THE TASK: Set down exactly, from the records below, the line with "this 1344×1512 image." through the line with "Some of the text", and nothing else.

THE DATA:
——————
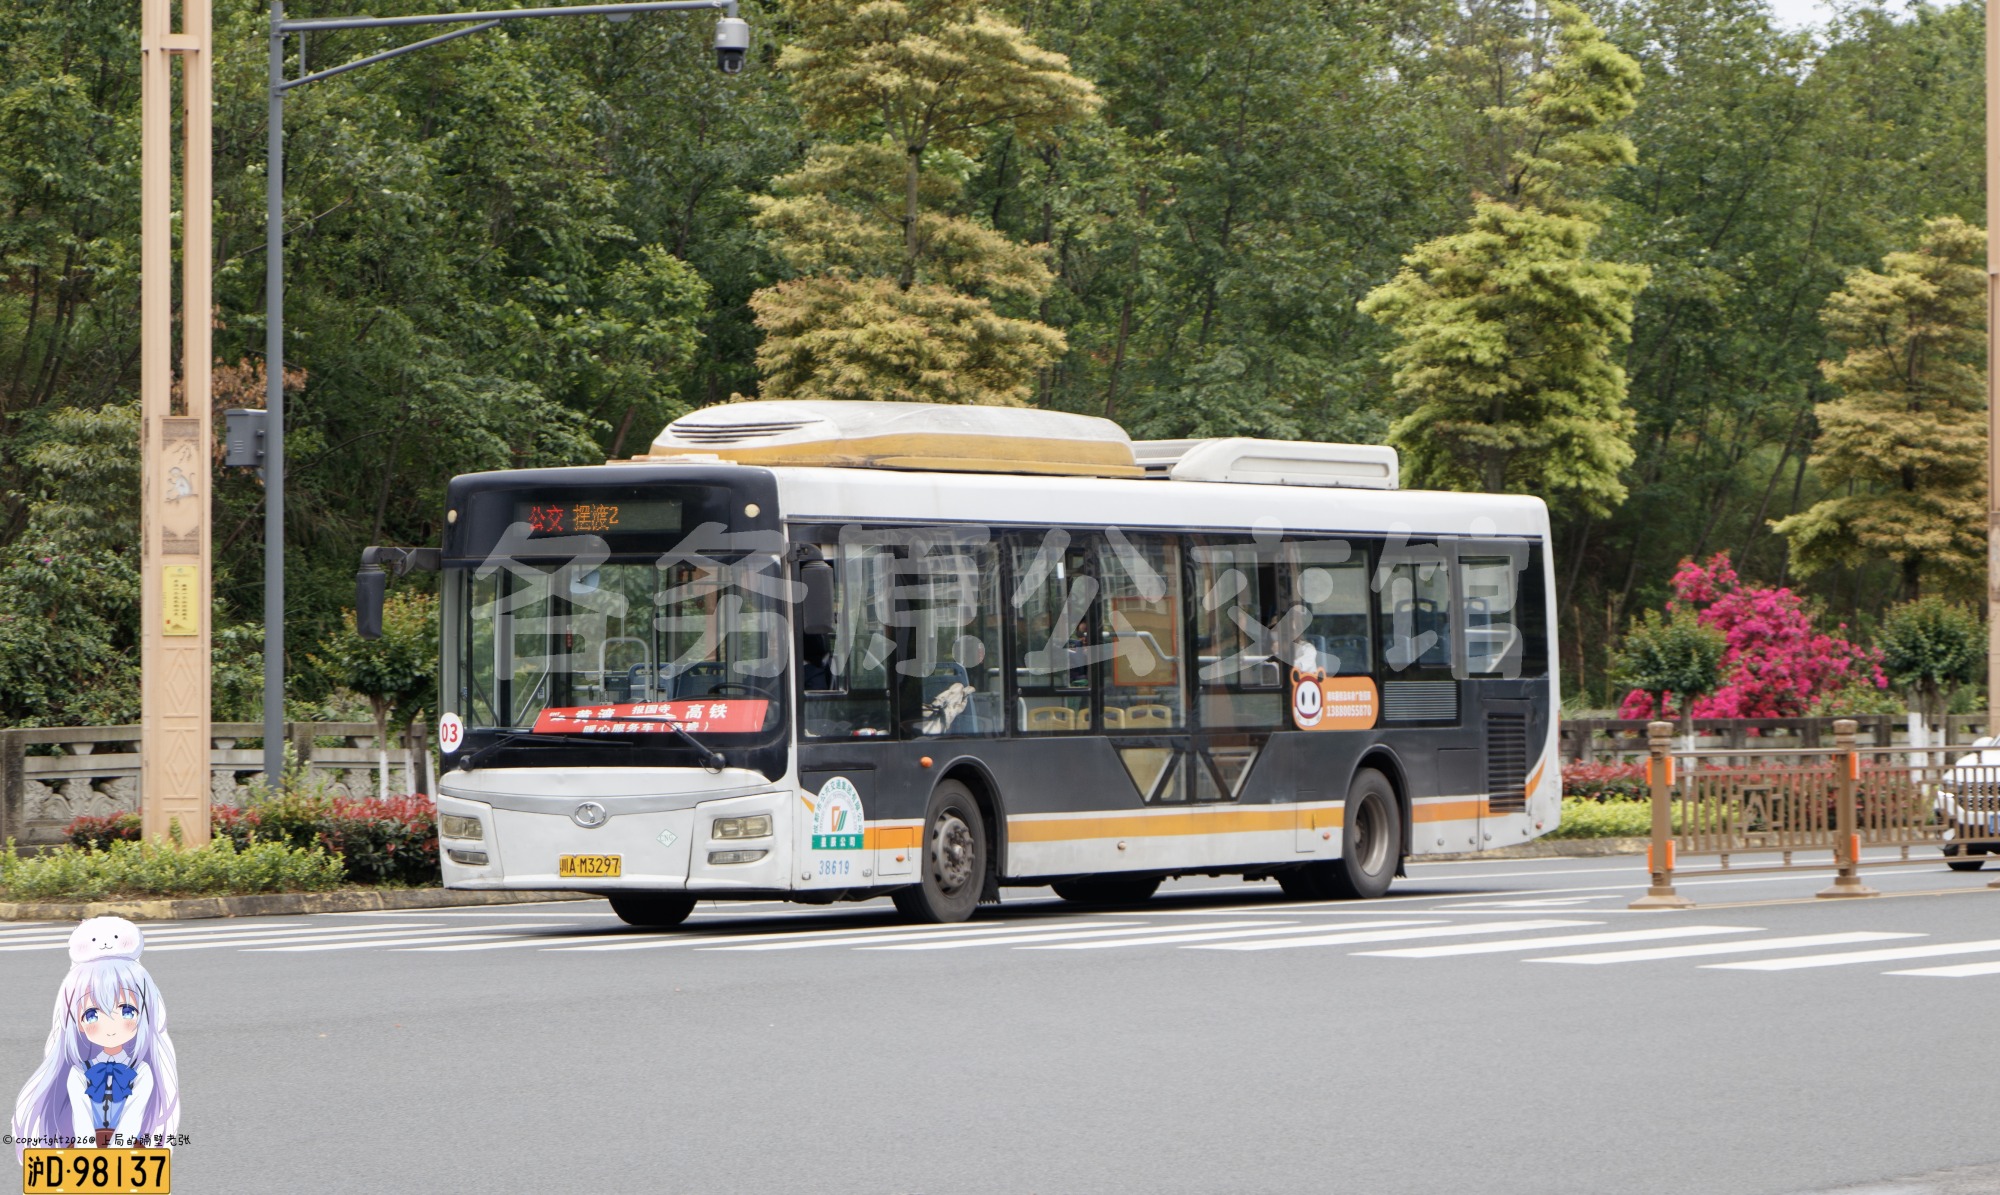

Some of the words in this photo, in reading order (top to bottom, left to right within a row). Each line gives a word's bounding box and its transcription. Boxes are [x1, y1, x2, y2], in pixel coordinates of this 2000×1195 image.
——————
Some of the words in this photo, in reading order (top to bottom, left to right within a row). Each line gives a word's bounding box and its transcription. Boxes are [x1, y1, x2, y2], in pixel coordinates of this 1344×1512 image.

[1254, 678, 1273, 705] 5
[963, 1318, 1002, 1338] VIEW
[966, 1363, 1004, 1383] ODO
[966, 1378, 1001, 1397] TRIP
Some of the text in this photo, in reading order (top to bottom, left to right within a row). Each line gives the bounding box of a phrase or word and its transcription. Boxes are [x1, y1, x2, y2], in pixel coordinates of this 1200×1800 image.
——————
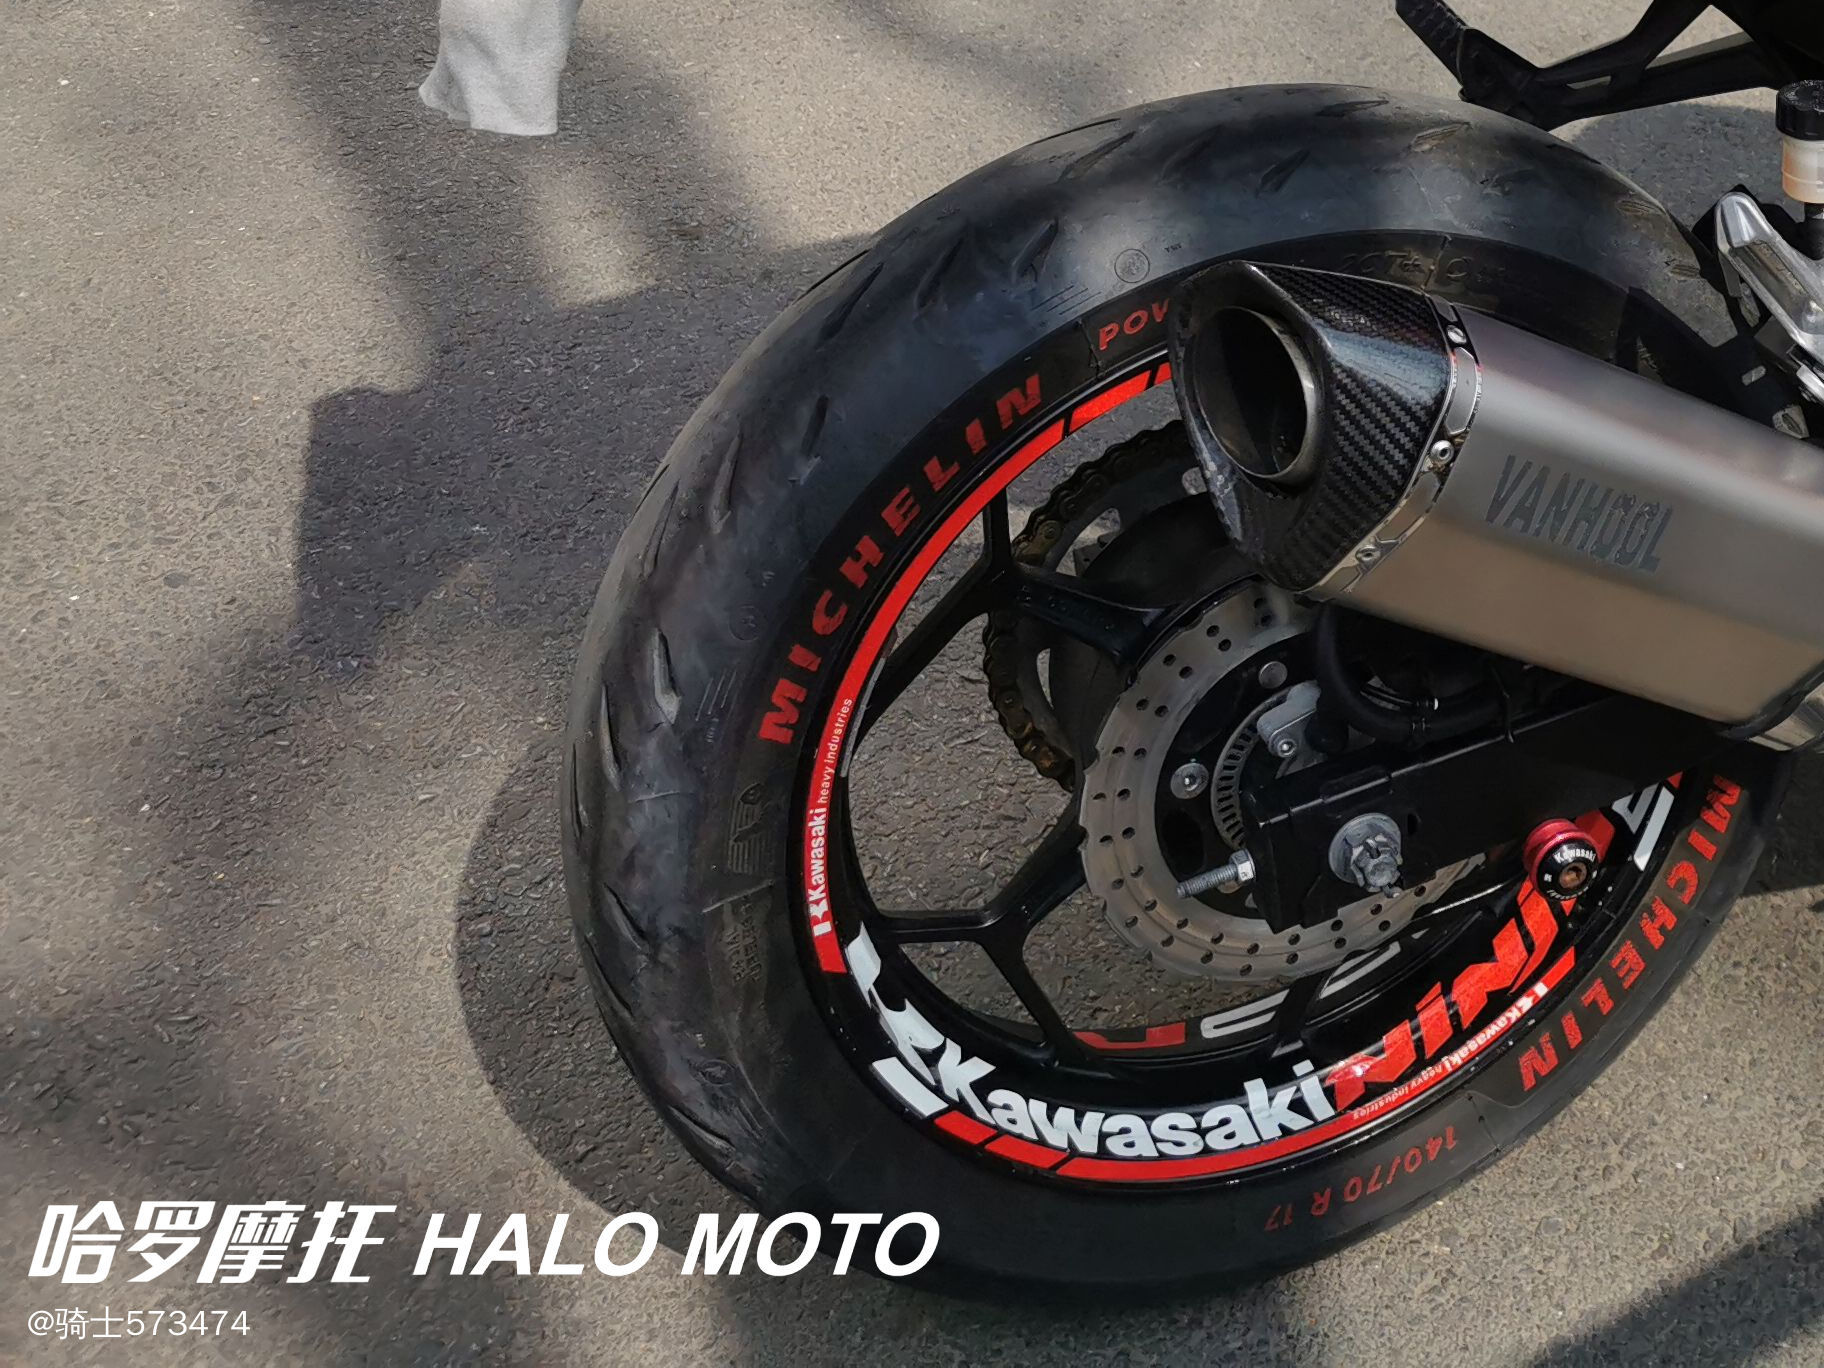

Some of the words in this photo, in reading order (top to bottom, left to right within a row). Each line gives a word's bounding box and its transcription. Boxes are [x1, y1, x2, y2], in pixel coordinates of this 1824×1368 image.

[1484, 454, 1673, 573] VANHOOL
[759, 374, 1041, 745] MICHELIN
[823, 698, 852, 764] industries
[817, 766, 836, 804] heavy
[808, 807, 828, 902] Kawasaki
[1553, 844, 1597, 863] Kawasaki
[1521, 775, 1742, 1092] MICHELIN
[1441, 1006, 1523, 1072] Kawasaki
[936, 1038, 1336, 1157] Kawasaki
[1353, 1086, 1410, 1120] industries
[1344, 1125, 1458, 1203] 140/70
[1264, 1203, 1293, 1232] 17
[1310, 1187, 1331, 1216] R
——————
RESPONSE TO THIS EXERCISE:
Some of the words in this photo, in reading order (top to bottom, left to right within a row). Each line gives a word's bounding box and its transcription. Boxes are [x1, y1, x2, y2], in pixel coordinates of this 1344×1512 image.

[1254, 678, 1273, 705] 5
[963, 1318, 1002, 1338] VIEW
[966, 1363, 1004, 1383] ODO
[966, 1378, 1001, 1397] TRIP
Some of the text in this photo, in reading order (top to bottom, left to right within a row). Each line gives the bounding box of a phrase or word and its transcription. Boxes are [x1, y1, x2, y2], in pixel coordinates of this 1200×1800 image.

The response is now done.